Mapping neural activity to corresponding behaviors is a major goal for neuroscientists developing brain-machine interfaces (BMIs): devices that read and interpret brain activity and transmit instructions to a computer or machine. Though this may seem like science fiction, existing BMIs can, for example, connect a paralyzed person with a robotic arm; the device interprets the person’s neural activity and intentions and moves the robotic arm correspondingly.
A major limitation for the development of BMIs is that the devices require invasive brain surgery to read out neural activity. But now, a team at Caltech has developed a new type of minimally invasive BMI to read out brain activity corresponding to the planning of movement. Using functional ultrasound (fUS) technology, it can accurately map brain activity from precise regions deep within the brain at a resolution of 100 micrometers (the size of a single neuron is approximately 10 micrometers).
The new fUS technology is a major step in creating less invasive, yet still highly capable, BMIs. “Invasive forms of brain-machine interfaces can already give movement back to those who have lost it due to neurological injury or disease,” says Sumner Norman, postdoctoral fellow in the Andersen lab and co-first author on the new study.

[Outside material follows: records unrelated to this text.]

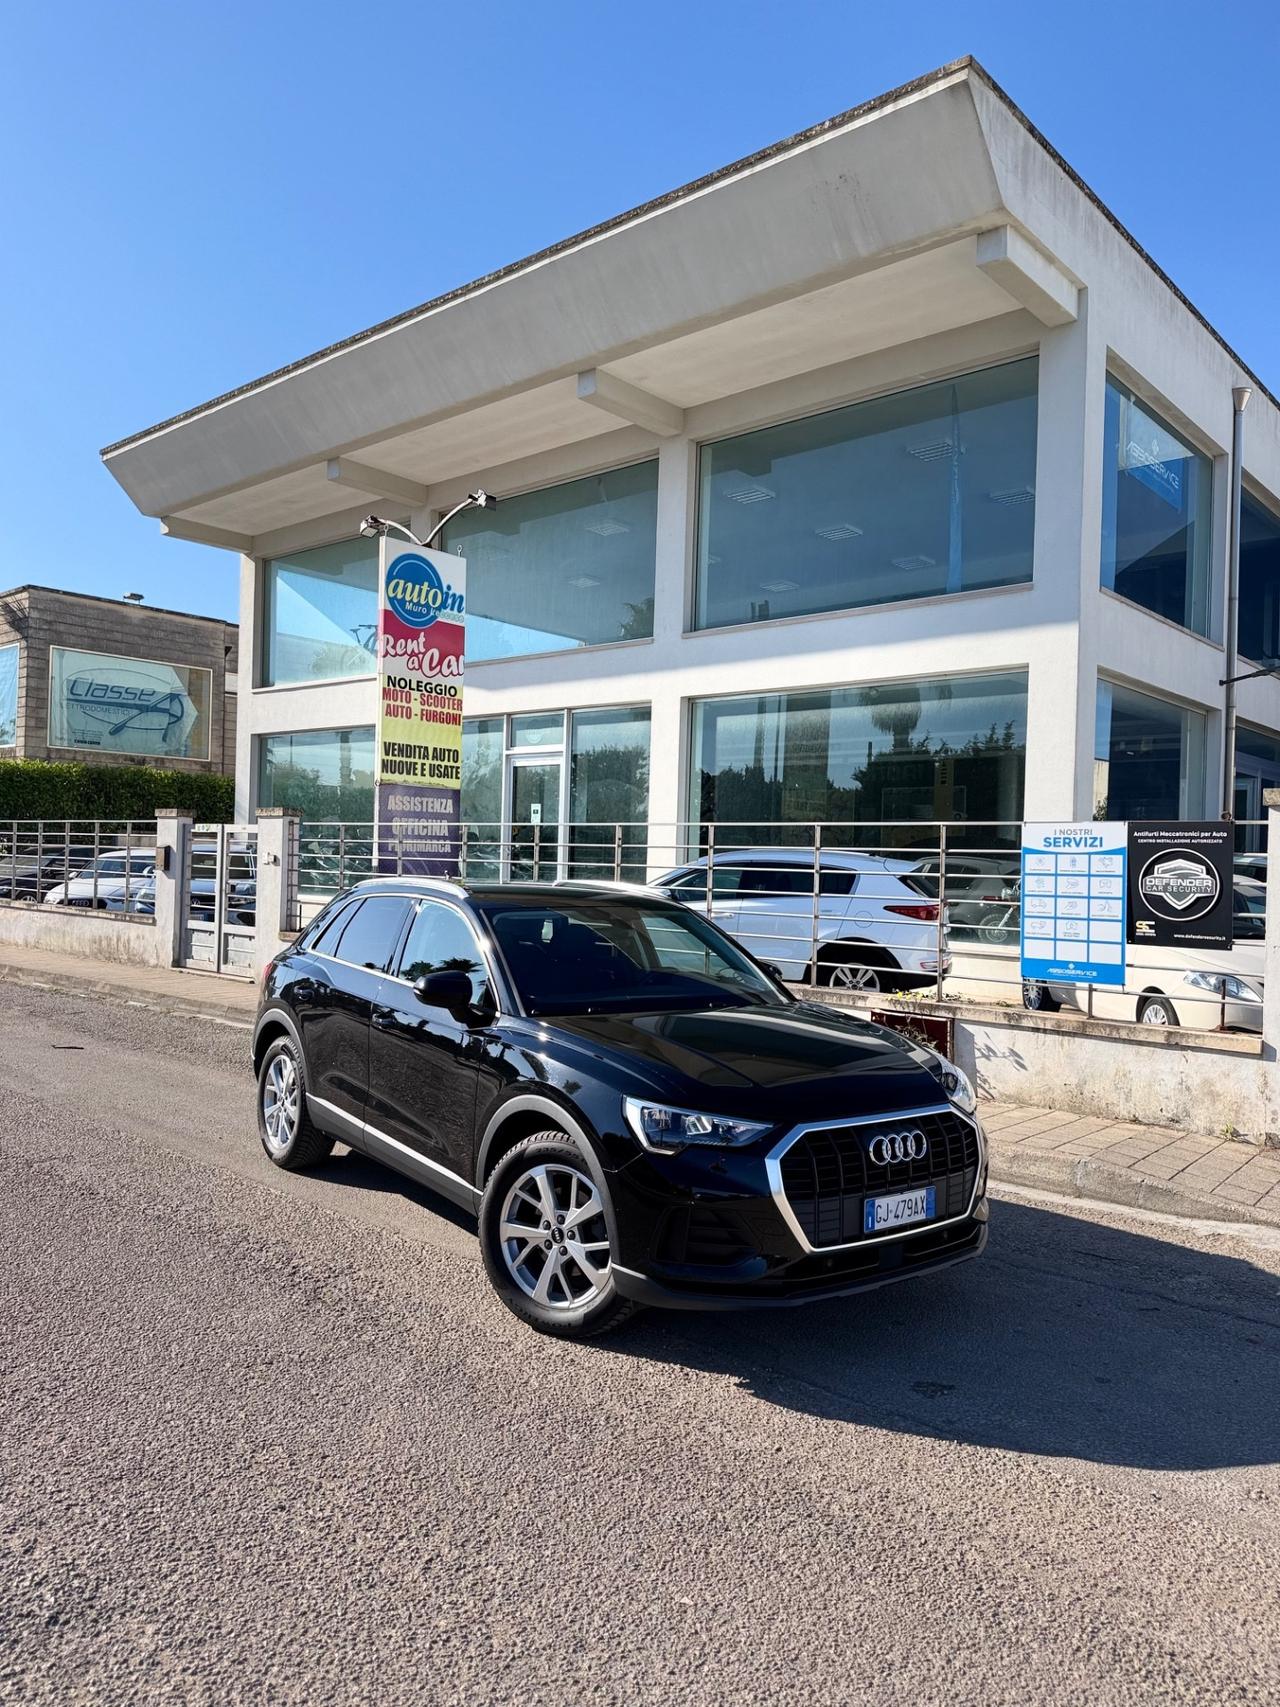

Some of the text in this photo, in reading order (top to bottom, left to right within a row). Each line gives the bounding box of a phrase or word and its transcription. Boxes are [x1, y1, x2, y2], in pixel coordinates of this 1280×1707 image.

[405, 601, 427, 614] Muro
[382, 631, 426, 657] Rent
[70, 677, 156, 703] Classe
[386, 674, 458, 698] NOLEGGIO
[382, 686, 412, 705] MOTO
[419, 692, 463, 712] SCOOTER
[385, 702, 412, 720] AUTO
[420, 712, 461, 727] FURGONI
[383, 741, 460, 763] VENDITA AUTO
[381, 758, 460, 780] NUOVE E USATE
[387, 795, 454, 814] ASSISTENZA
[391, 816, 449, 837] OFFICINA
[1043, 837, 1103, 848] SERVIZI
[1146, 878, 1212, 886] DEFENDER

“Unfortunately, only a select few with the most severe paralysis are eligible and willing to have electrodes implanted into their brain,” Norman adds. “Functional ultrasound is an incredibly exciting new method to record detailed brain activity without damaging brain tissue. We pushed the limits of ultrasound neuroimaging and were thrilled that it could predict movement. What’s most exciting is that fUS is a young technique with huge potential—this is just our first step in bringing high performance, less invasive BMI to more people.”
The technology was developed with the aid of non-human primates, who were taught to do simple tasks that involved moving their eyes or arms in certain directions when presented with certain cues. As the primates completed the tasks, the fUS measured brain activity in the posterior parietal cortex (PPC), a region of the brain involved in planning movement. Caltech’s Andersen lab has studied the PPC for decades and has previously created maps of brain activity in the region using electrophysiology. To validate the accuracy of fUS, the researchers compared brain imaging activity from fUS to previously obtained detailed electrophysiology data.

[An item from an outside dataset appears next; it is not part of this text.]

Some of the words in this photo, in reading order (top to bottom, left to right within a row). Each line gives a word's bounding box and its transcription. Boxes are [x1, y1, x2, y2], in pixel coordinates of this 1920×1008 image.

Next, through the support of the T&C Chen Brain-Machine Interface Center at Caltech, the team aimed to see if the activity-dependent changes in the fUS images could be used to decode the intentions of the non-human primate, even before it initiated a movement. The ultrasound imaging data and the corresponding tasks were then processed by a machine-learning algorithm, which learned what patterns of brain activity correlated with which tasks. Once the algorithm was trained, it was presented with ultrasound data collected in real time from the non-human primates.

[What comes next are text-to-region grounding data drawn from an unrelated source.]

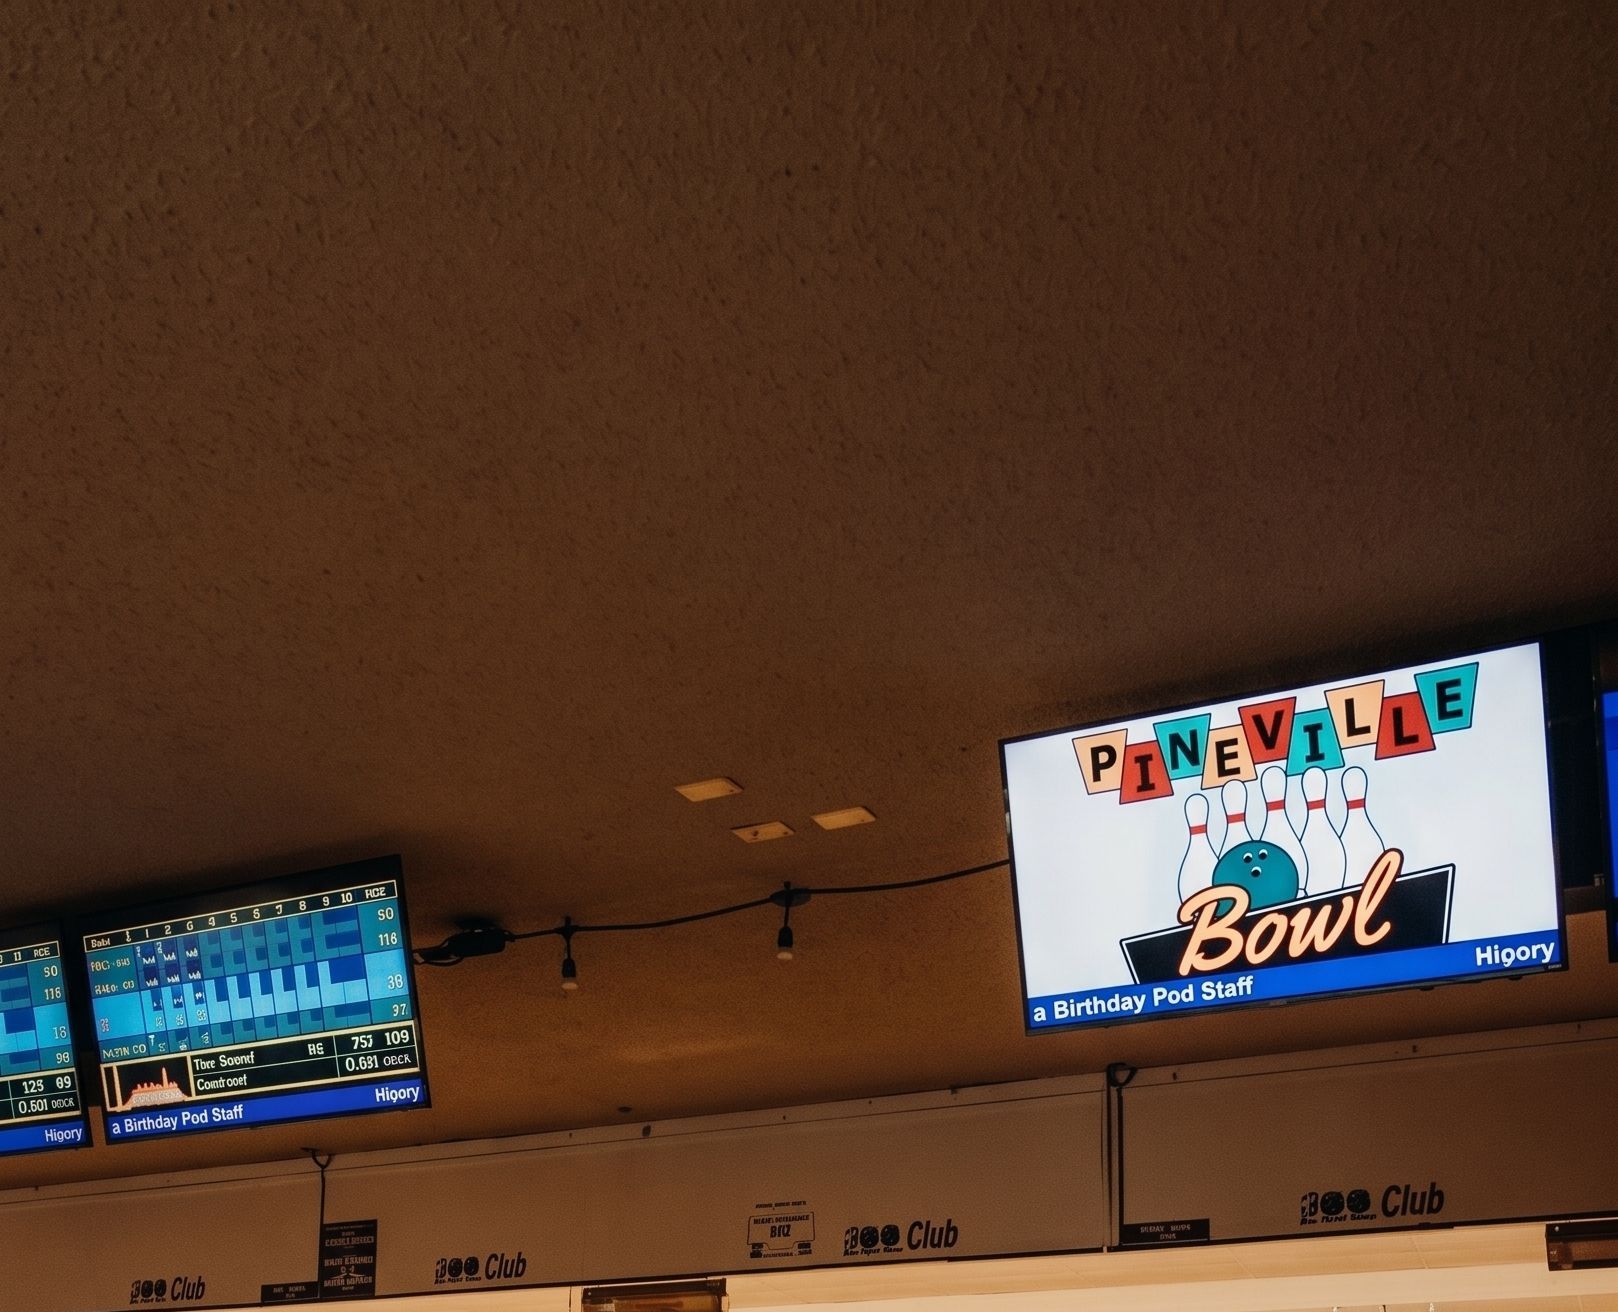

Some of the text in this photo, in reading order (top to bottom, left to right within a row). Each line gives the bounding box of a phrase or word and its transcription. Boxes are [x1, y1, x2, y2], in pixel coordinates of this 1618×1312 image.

[1089, 678, 1464, 793] PINEVILLE
[341, 892, 353, 903] 10
[1178, 849, 1404, 976] Bowl
[1033, 976, 1254, 1023] a Birthday Pod Staff
[112, 1104, 244, 1134] a Birthday Pod Staff
[45, 1126, 83, 1143] Higory
[1381, 1181, 1445, 1218] Club
[906, 1219, 959, 1250] Club
[484, 1251, 527, 1280] Club
[171, 1276, 206, 1301] Club
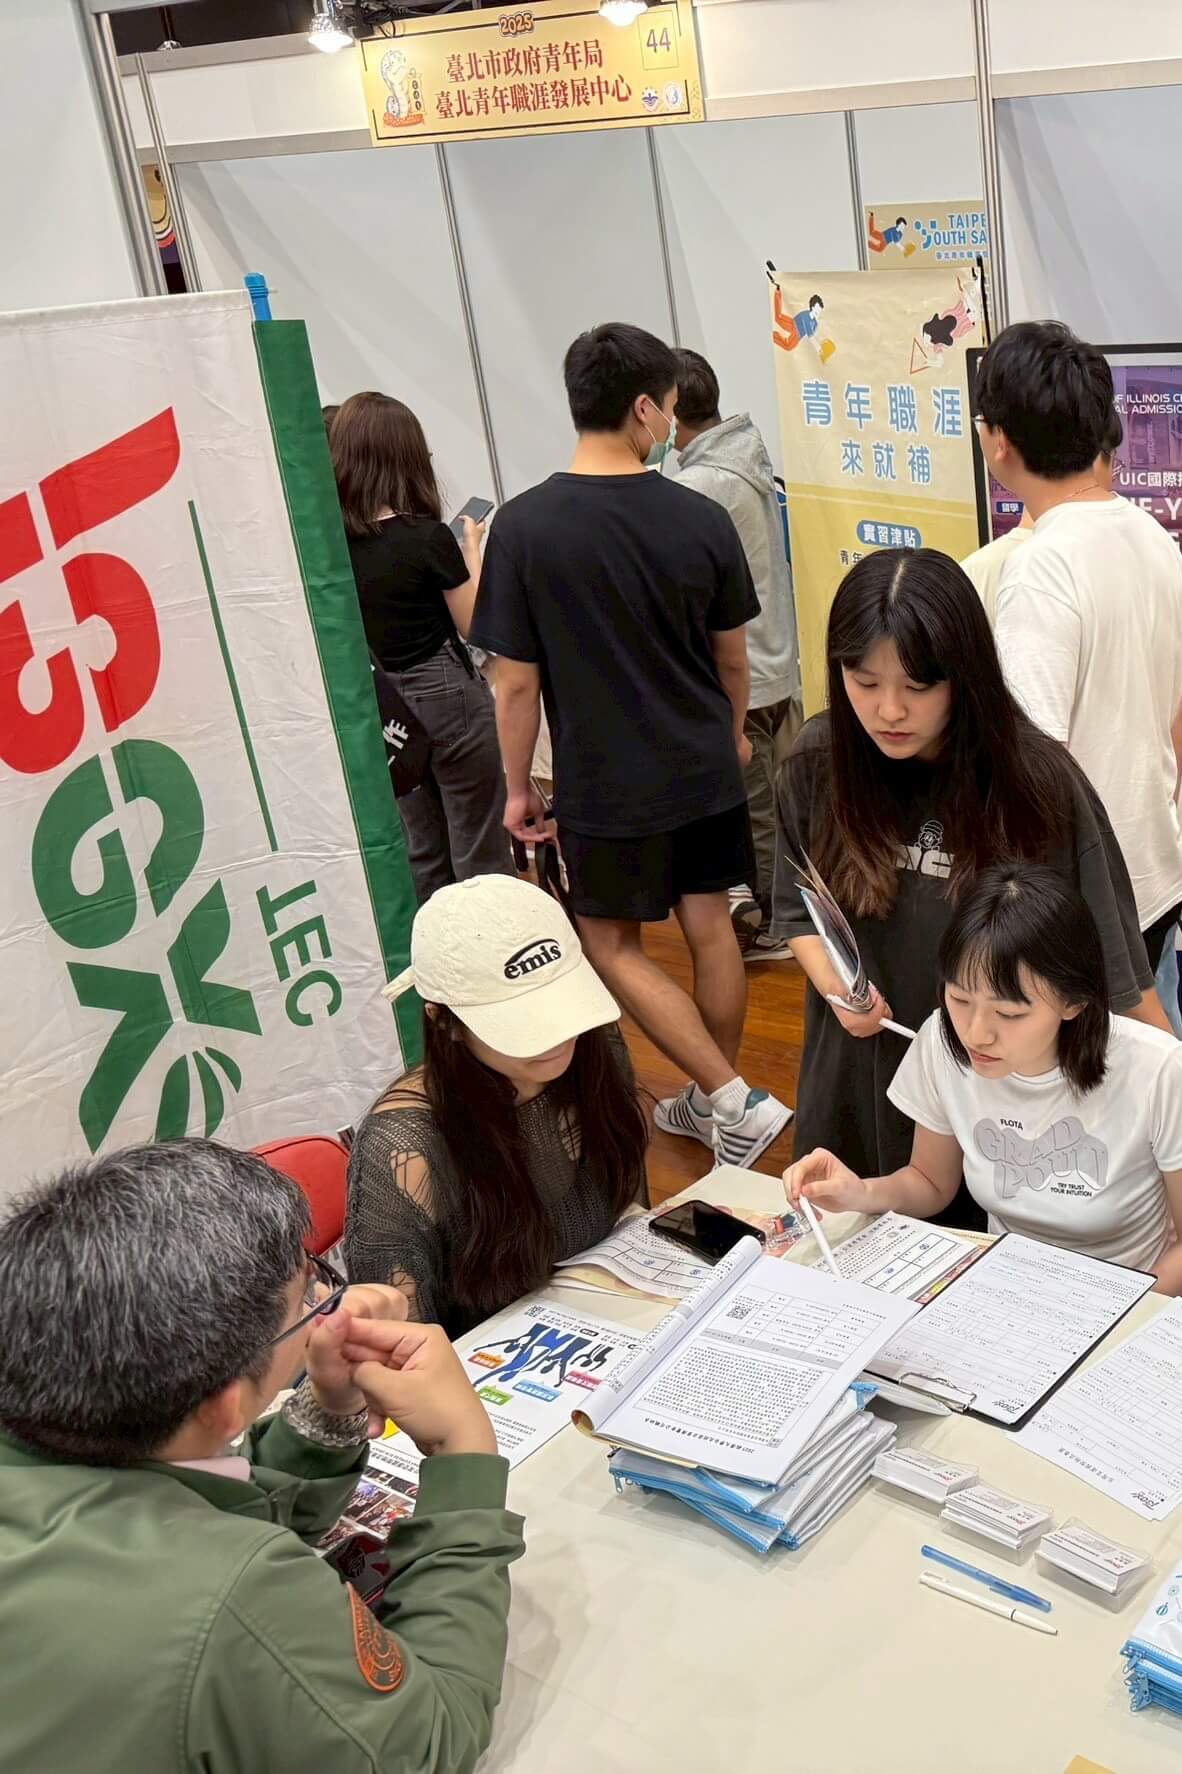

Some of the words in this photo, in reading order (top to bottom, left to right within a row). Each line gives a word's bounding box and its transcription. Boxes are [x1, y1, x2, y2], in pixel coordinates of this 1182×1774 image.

[500, 12, 534, 35] 2025
[646, 27, 671, 54] 44
[446, 39, 603, 83] 臺北市政府青年局
[436, 73, 632, 119] 臺北青年職涯發展中心
[801, 380, 964, 437] 青年職涯
[1127, 394, 1169, 403] ILLINOIS
[841, 440, 931, 484] 來就補
[863, 523, 916, 548] 實習津貼
[504, 945, 561, 979] emis
[1000, 1118, 1023, 1130] FLOTA

The algorithm predicted, within a few seconds, what behavior the non-human primate was going to carry out (eye movement or reach), direction of the movement (left or right), and when they planned to make the movement.
“The first milestone was to show that ultrasound could capture brain signals related to the thought of planning a physical movement,” says study collaborator and ultrasound expert David Maresca, PhD. “Functional ultrasound imaging manages to record these signals with 10 times more sensitivity and better resolution than functional MRI. This finding is at the core of the success of brain-machine interfacing based on functional ultrasound.”
“Current high-resolution brain-machine interfaces use electrode arrays that require brain surgery, which includes opening the dura, the strong fibrous membrane between the skull and the brain—and implanting the electrodes directly into the brain. But ultrasound signals can pass through the dura and brain non-invasively. Only a small, ultrasound-transparent window needs to be implanted in the skull; this surgery is significantly less invasive than that required for implanting electrodes,” adds collaborator Richard Andersen, PhD, the James G. Boswell Professor of Neuroscience and Leadership Chair and director of the Tianqiao and Chrissy Chen Brain-Machine Interface Center in the Tianqiao and Chrissy Chen Institute for Neuroscience at Caltech.
Though this research was carried out in non-human primates, a collaboration is in the works with Dr. Charles Liu, a neurosurgeon at the University of Southern California, to study the technology with human volunteers who, because of traumatic brain injuries, have had a piece of skull removed. Because ultrasound waves can pass unaffected through these “acoustic windows,” it will be possible to study how well functional ultrasound can measure and decode brain activity in these individuals.